I just learned something new about the Amazon Hub. If you’re registered user and have multiple packages (each package has an email notification), scanning the barcode of one notification will open the doors—one at a time—for all the packages. That can be inconvenient if you have a lot of packages.
If someone else (say, a spouse) in your apartment got multiple packages (each package has an email notification), scanning the barcode of one notification will only open the door for that specific package. The other barcodes must be scanned to get the other packages.
As the registered user, you can forward these notification emails to the other person and have them fetch their own packages from the Hub.

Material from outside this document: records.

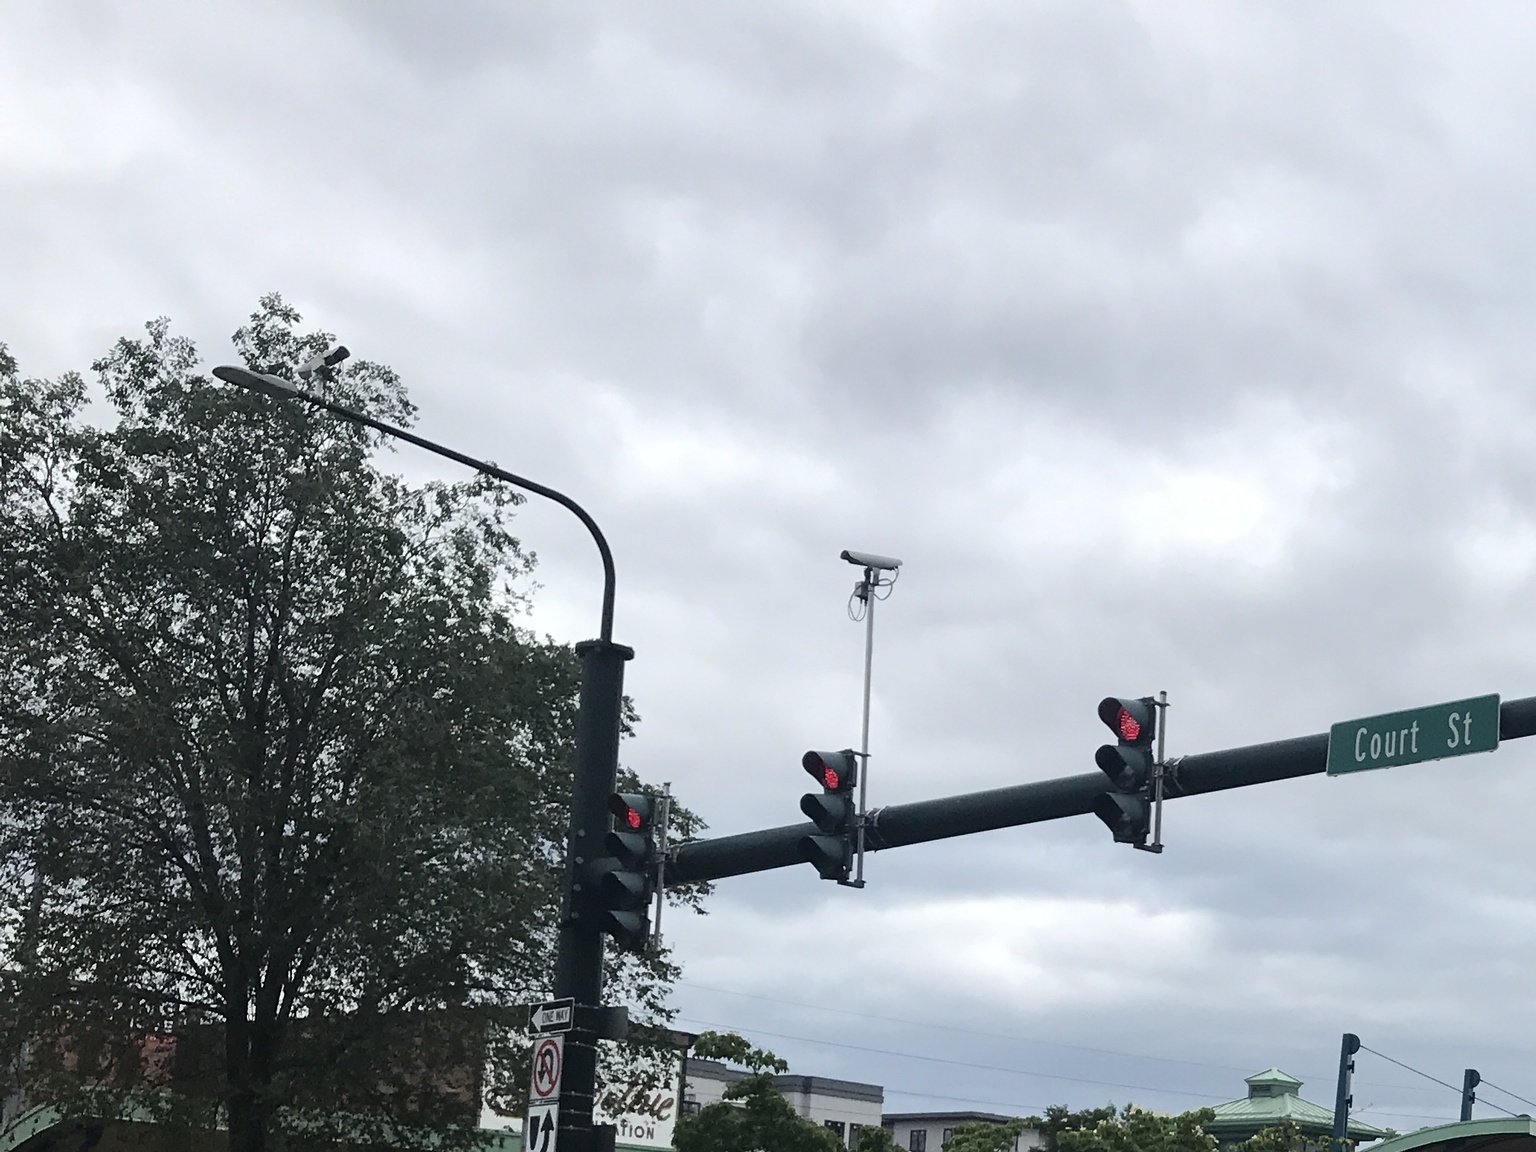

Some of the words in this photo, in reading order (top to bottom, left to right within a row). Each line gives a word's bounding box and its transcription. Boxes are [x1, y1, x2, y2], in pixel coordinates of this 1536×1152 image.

[1355, 720, 1419, 762] Court
[1447, 712, 1473, 748] St
[543, 1011, 554, 1023] ONE
[556, 1008, 570, 1022] WAY
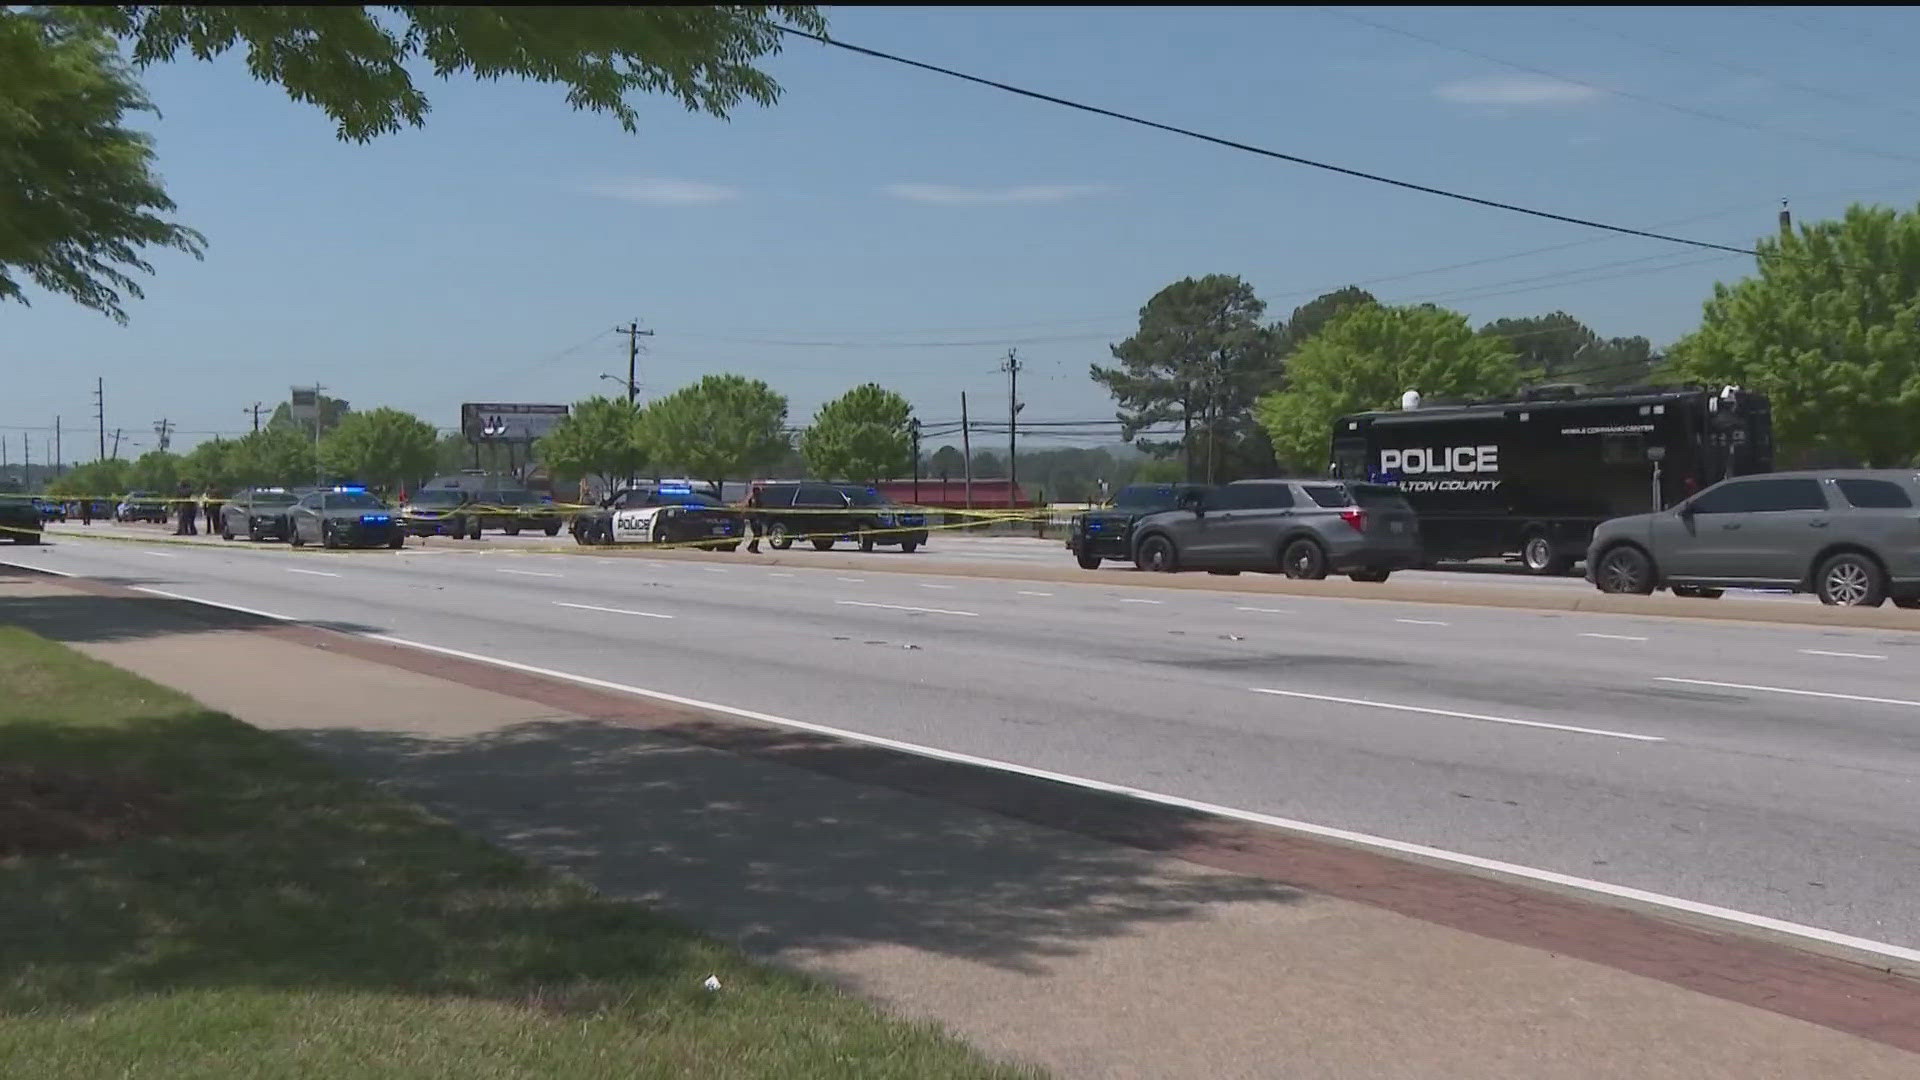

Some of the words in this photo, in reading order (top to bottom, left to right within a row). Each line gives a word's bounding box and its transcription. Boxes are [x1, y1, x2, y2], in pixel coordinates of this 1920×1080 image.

[1381, 445, 1498, 474] POLICE
[1439, 480, 1501, 491] COUNTY
[618, 519, 650, 530] POLICE
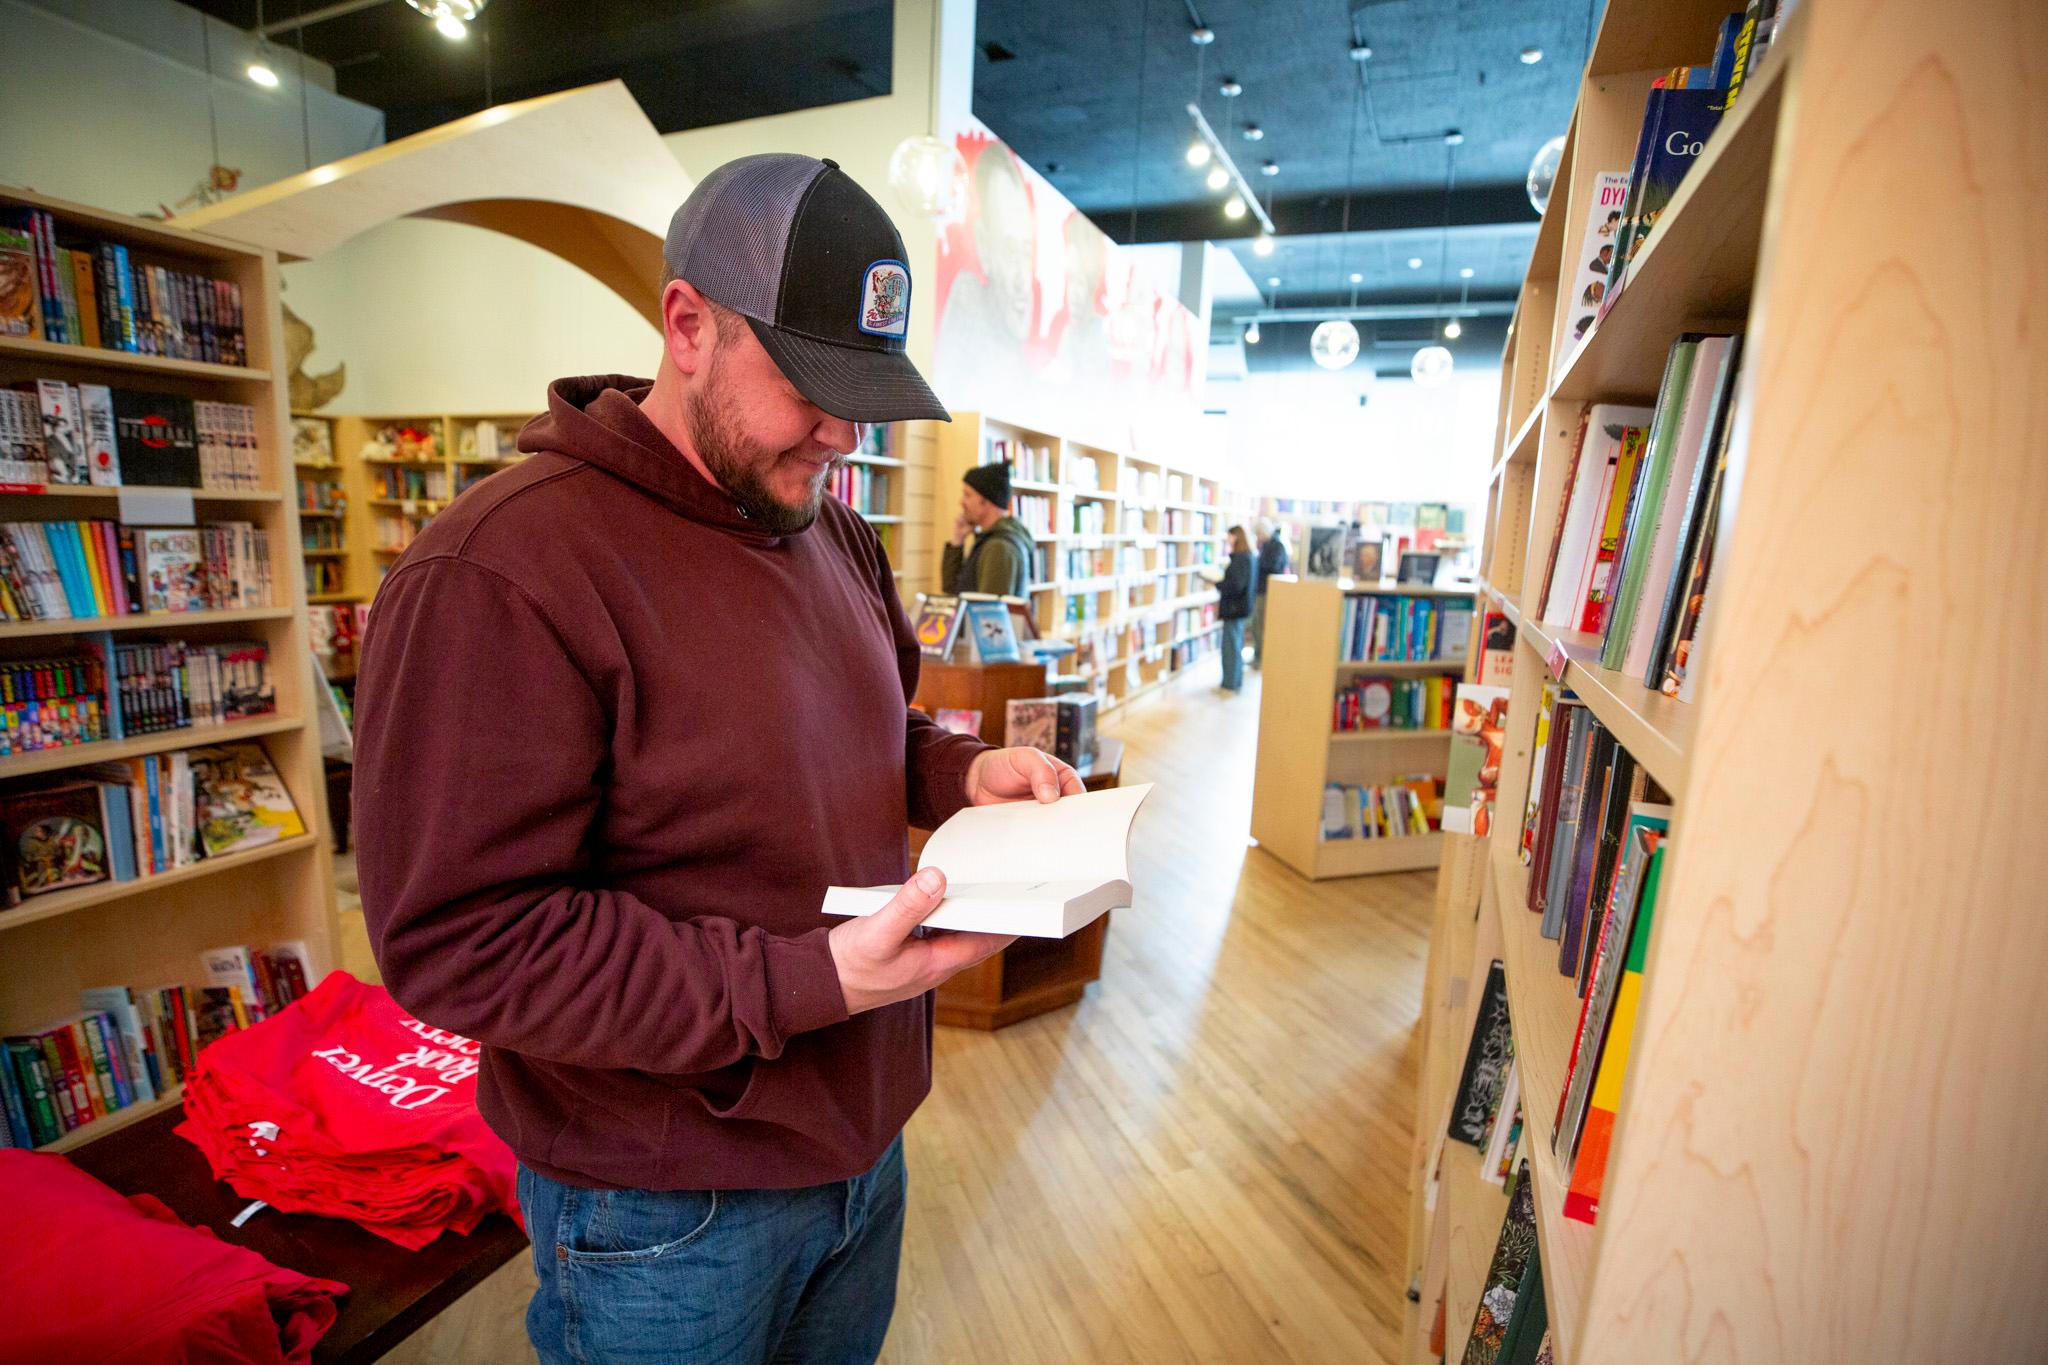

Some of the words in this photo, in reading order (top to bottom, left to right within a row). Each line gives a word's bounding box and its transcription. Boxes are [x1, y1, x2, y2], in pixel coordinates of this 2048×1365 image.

[1730, 18, 1755, 88] STEVE
[1665, 131, 1704, 156] Go
[312, 1045, 452, 1109] Denver
[382, 1045, 479, 1084] Book
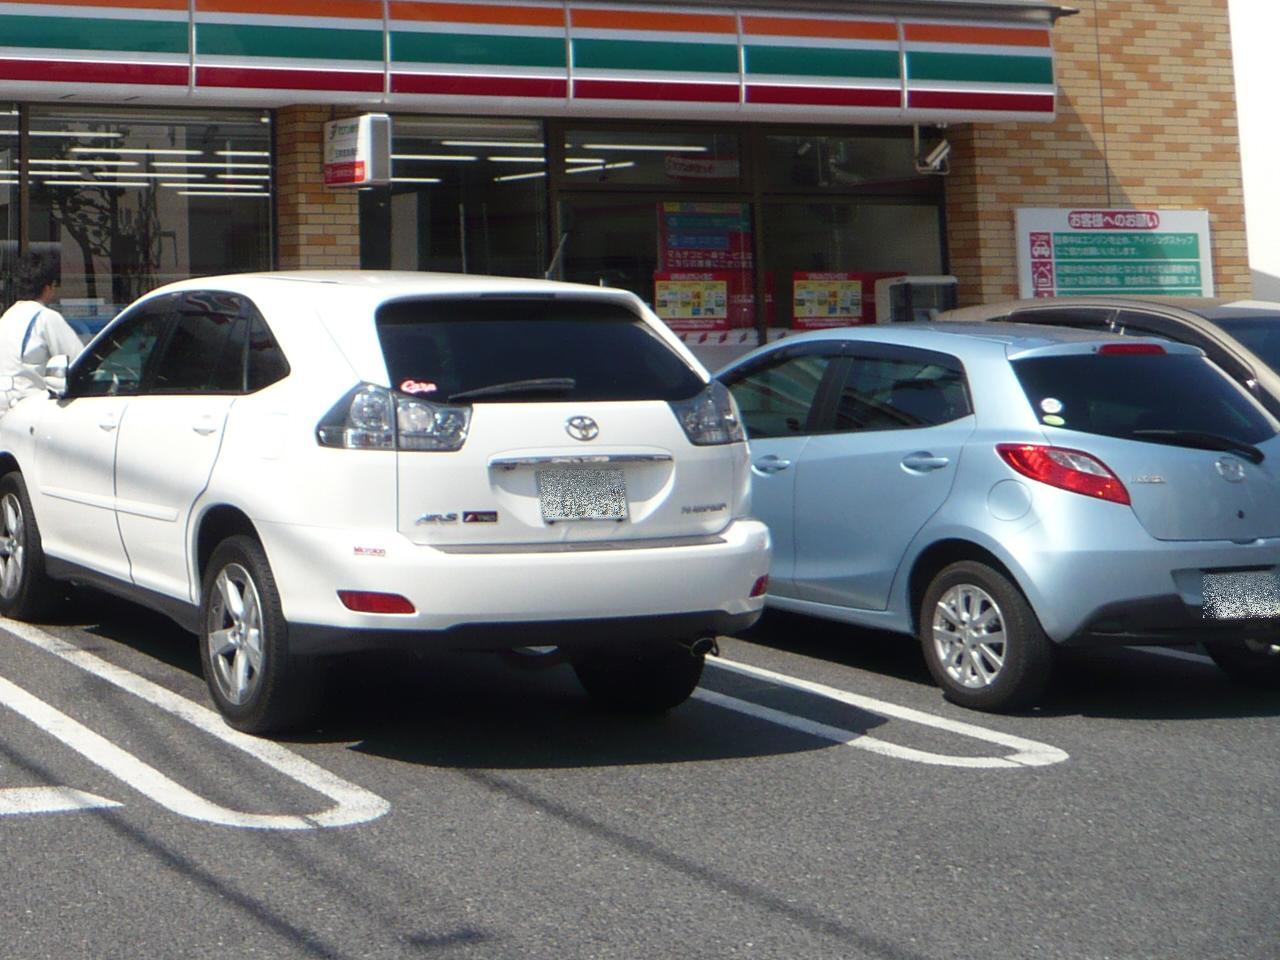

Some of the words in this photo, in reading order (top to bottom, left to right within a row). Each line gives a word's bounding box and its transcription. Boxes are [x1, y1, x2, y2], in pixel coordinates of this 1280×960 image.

[1070, 213, 1158, 228] お客様へのお願い

If you haven’t seen my Amazon Hub videos, check out the playlist.
The topic for my Sunday’s video is Facebook Metaverse. That’s funny. The 1990s called and wants it metaverse back. My technical career got started in 1997 with the emerging—and suddenly obsolete—metaverse of virtual worlds. I had a six-month QA internship with Fujitsu’s WorldsAway, a 2.5D chatroom with colorful avatars. I pulled out my copy of “Avatars! Exploring and Building Virtual Worlds on the Internet” by Bruce Damar. I got this book 24 years ago this week.
The highlight of my Fujitsu’s WorldsAway internship was the Avatars 97 convention in San Francisco. My role there was to set up the demo PCs, provide technical support, and record video of the demonstrations. Recording video meant lugging around a heavy Panasonic VHS camera on my shoulder.
I tweeted last month that I replaced the Cougar Minos X5 mouse with the Cougar Minos X2 mouse. The scroll wheel on the X5 became “twitchy” when cycling through inventory in FortNite. The last thing I want to pull out during a firefight is an unloaded weapon. The X2 was half the cost of the X5, similar in size, and didn’t have RGB. That created a controversy for some viewers of my YouTube channel. Why do I buy a $20 US mouse when I have a $300 keyboard on my desk?